To solve inequalities with fractions, the primary strategy is to eliminate the fractions by multiplying both sides of the inequality by the least common multiple (LCM) of the denominators. This simplifies the inequality, making it easier to solve using standard algebraic techniques.
Here's a step-by-step breakdown:
- Identify the Fractions: Note all fractions present in the inequality.
- Find the Least Common Multiple (LCM): Determine the LCM of all the denominators in the inequality.
- Multiply Both Sides by the LCM: Multiply every term on both sides of the inequality by the LCM. This will eliminate the fractions. This creates an equivalent inequality without fractions (as mentioned in the provided video).
- Simplify: After multiplying by the LCM, simplify both sides of the inequality. This usually involves canceling common factors.
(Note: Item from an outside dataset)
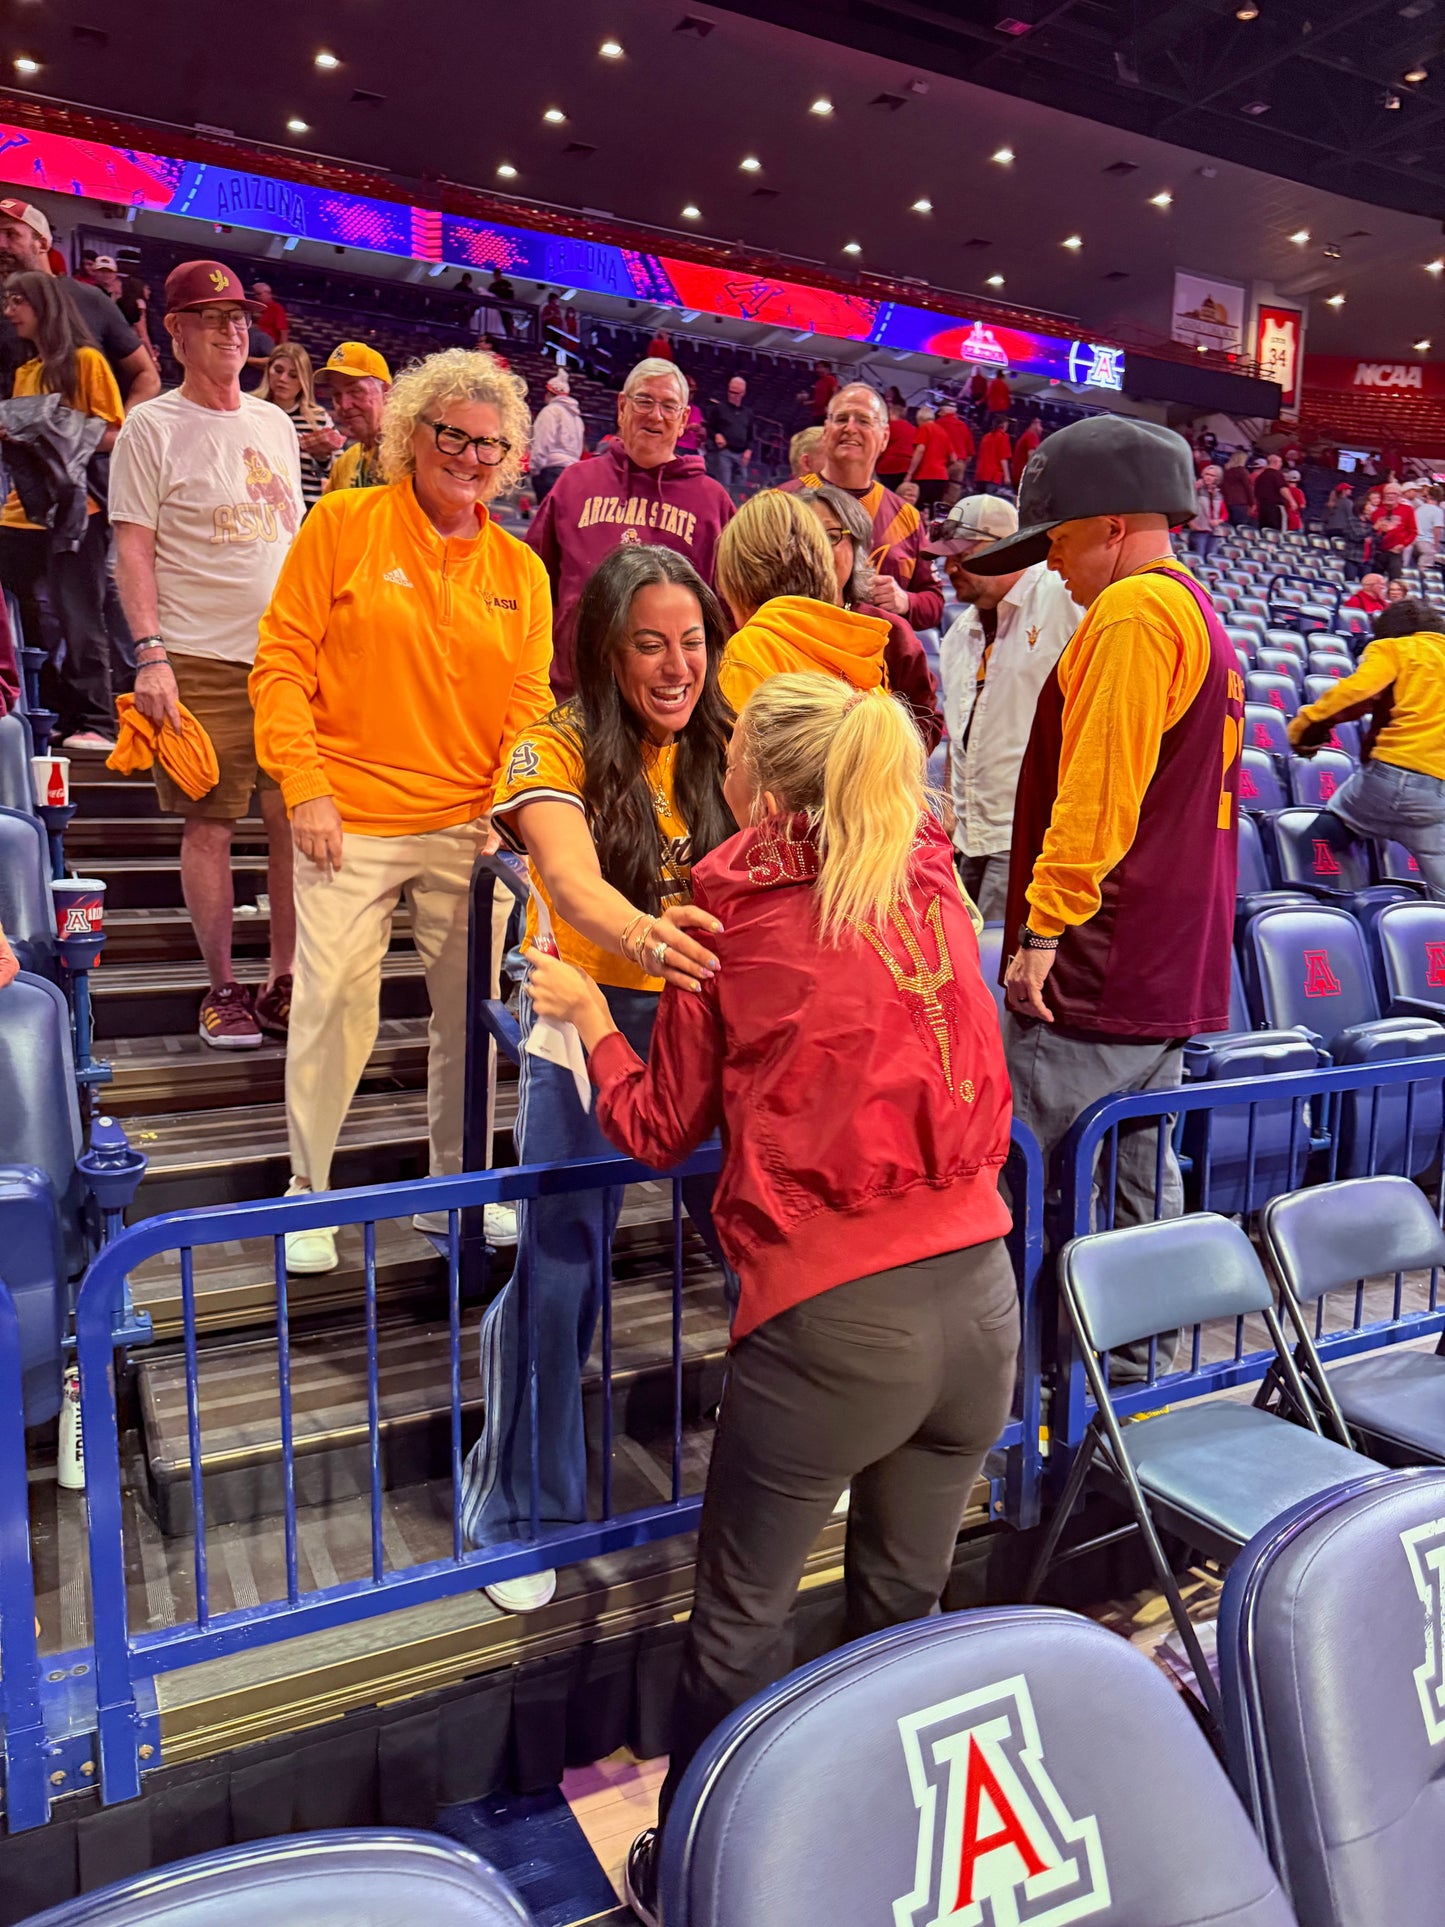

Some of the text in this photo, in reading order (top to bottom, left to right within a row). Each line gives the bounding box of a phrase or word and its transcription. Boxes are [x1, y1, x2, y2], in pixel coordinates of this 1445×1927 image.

- Solve the Inequality: Use standard algebraic techniques (addition, subtraction, multiplication, division) to isolate the variable. Remember: If you multiply or divide both sides of the inequality by a negative number, you must flip the direction of the inequality sign.
- Check the Solution: Choose a value within your solution set and plug it back into the original inequality to ensure it holds true.
Example:
Solve the inequality: (x/2) + 4 > (5/2)
- Fractions: x/2 and 5/2
- LCM: The LCM of 2 and 2 is 2.
- Multiply: Multiply both sides by 2: 2 (x/2 + 4) > 2 (5/2)
- Simplify: x + 8 > 5
- Solve: Subtract 8 from both sides: x > -3
Therefore, the solution is x > -3.
Important Considerations:
- Distribute Carefully: Make sure to distribute the LCM to every term on both sides of the inequality.
- Negative Multiplication/Division: Be extremely careful when multiplying or dividing by a negative number. Remember to flip the inequality sign!
- Compound Inequalities: The same principles apply to compound inequalities involving fractions.
By following these steps, you can effectively solve inequalities containing fractions.